There are several changes from the original C++ emergent implementation for how things are named now:

• Pool <- Unit_Group -- A group of Neurons that share pooled inhibition. Can be entire layer and / or sub-pools within a layer.
• AlphaCyc <- Trial -- We are now distinguishing more clearly between network-level timing units (e.g., the 100 msec alpha cycle over which learning operates within posterior cortex) and environmental or experimental timing units, e.g., the Trial etc. Please see the TimeScales type for an attempt to standardize the different units of time along these different dimensions. The examples/ra25 example uses trials and epochs for controlling the "environment" (such as it is), while the algorithm-specific code refers to AlphaCyc, Quarter, and Cycle, which are the only time scales that are specifically coded within the algorithm -- everything else is up to the specific model code.

The Axon Algorithm

Axon is the spiking version of leabra, which uses rate-code neurons. The newer mechanisms in Axon are incorporated into the experimental version of leabra: xleabra.
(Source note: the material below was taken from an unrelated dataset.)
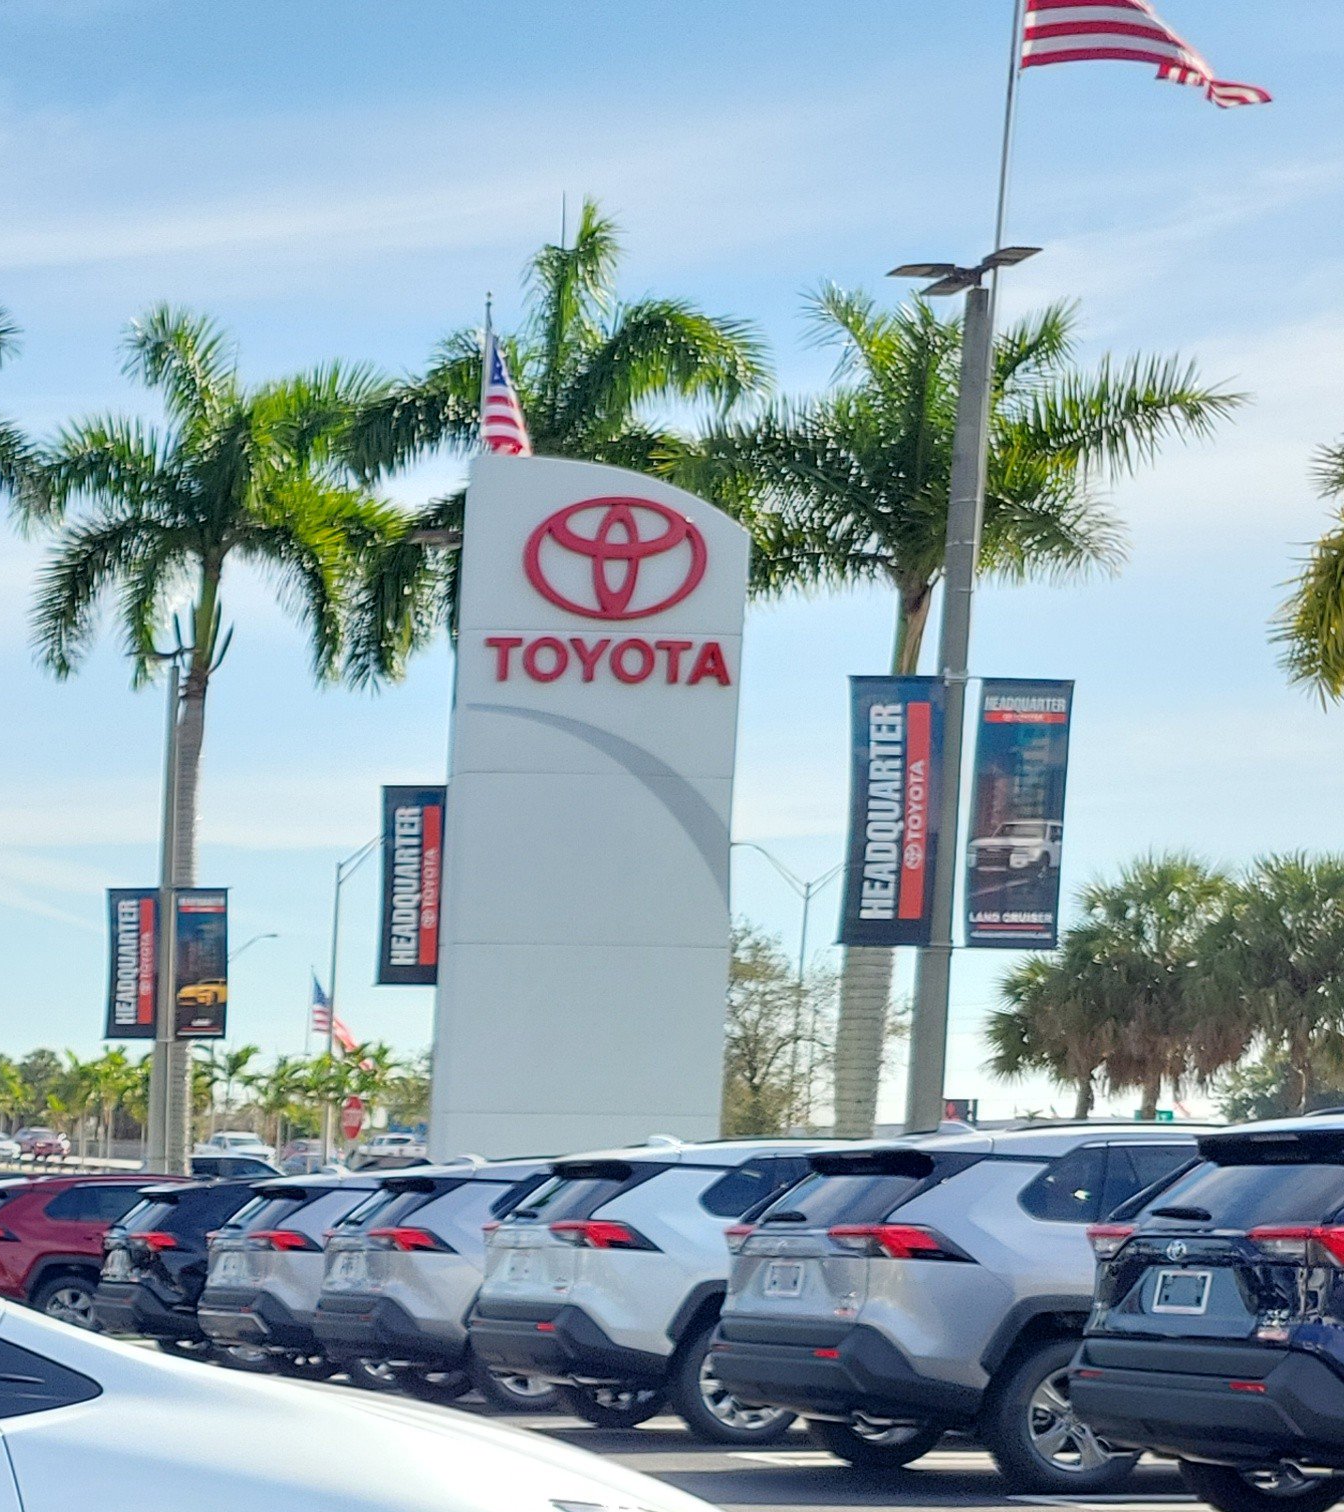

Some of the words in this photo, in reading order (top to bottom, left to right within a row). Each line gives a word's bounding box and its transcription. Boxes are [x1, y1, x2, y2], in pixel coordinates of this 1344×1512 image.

Like Leabra, Axon is intended to capture a middle ground between neuroscience, computation, and cognition, providing a computationally effective framework based directly on the biology, to understand how cognitive function emerges from the brain. See Computational Cognitive Neuroscience for a full textbook on the principles and many implemented models.

Axon uses the full conductance-based AdEx (adapting exponential) discrete spiking model of Gerstner and colleagues Scholarpedia article on AdEx, using normalized units as shown here google sheet. Parameterizable synaptic communication delays are also supported, with biologically-based defaults. Adaptation is implemented using three time scales of sodium-gated potassium channels: KNa (Kaczmarek, 2013), which are critical for learning (in the rate code Leabra model, they were highly problematic for learning).

An essential step in getting spiking to form suitably stable, selective representations for learning was the inclusion of both NMDA and GABA-B channels, which are voltage dependent in a complementary manner as captured in the Sanders et al, 2013 model, which provided the basis for the implementation here. These channels have long time constants and the voltage dependence causes them to promote a bistable activation state, with a smaller subset of neurons that have extra excitatory drive from the NMDA and avoid extra inhibition from GABA-B, while a majority of neurons have the opposite profile: extra inhibition from GABA-B and no additional excitation from NMDA. With stronger conductance levels, these channels can produce robust active maintenance dynamics characteristic of layer 3 in the prefrontal cortex (PFC), but for posterior cortex, we use lower values that produce a much weaker, but still essential, form of bistability. Without these channels, neurons all just "take turns" firing at different points in time, and there is no sense in which a small subset are engaged to represent a specific input pattern -- that had been a blocking failure in all prior attempts to use spiking in Leabra models.

As in Leabra, the excitatory synaptic input conductance (Ge in the code, known as net input in artificial neural networks) is computed as an average, not a sum, over connections, based on normalized weight values, which are subject to scaling on a projection level to alter relative contributions. Automatic scaling is performed to compensate for differences in expected activity level in the different projections. See section on Input Scaling for details.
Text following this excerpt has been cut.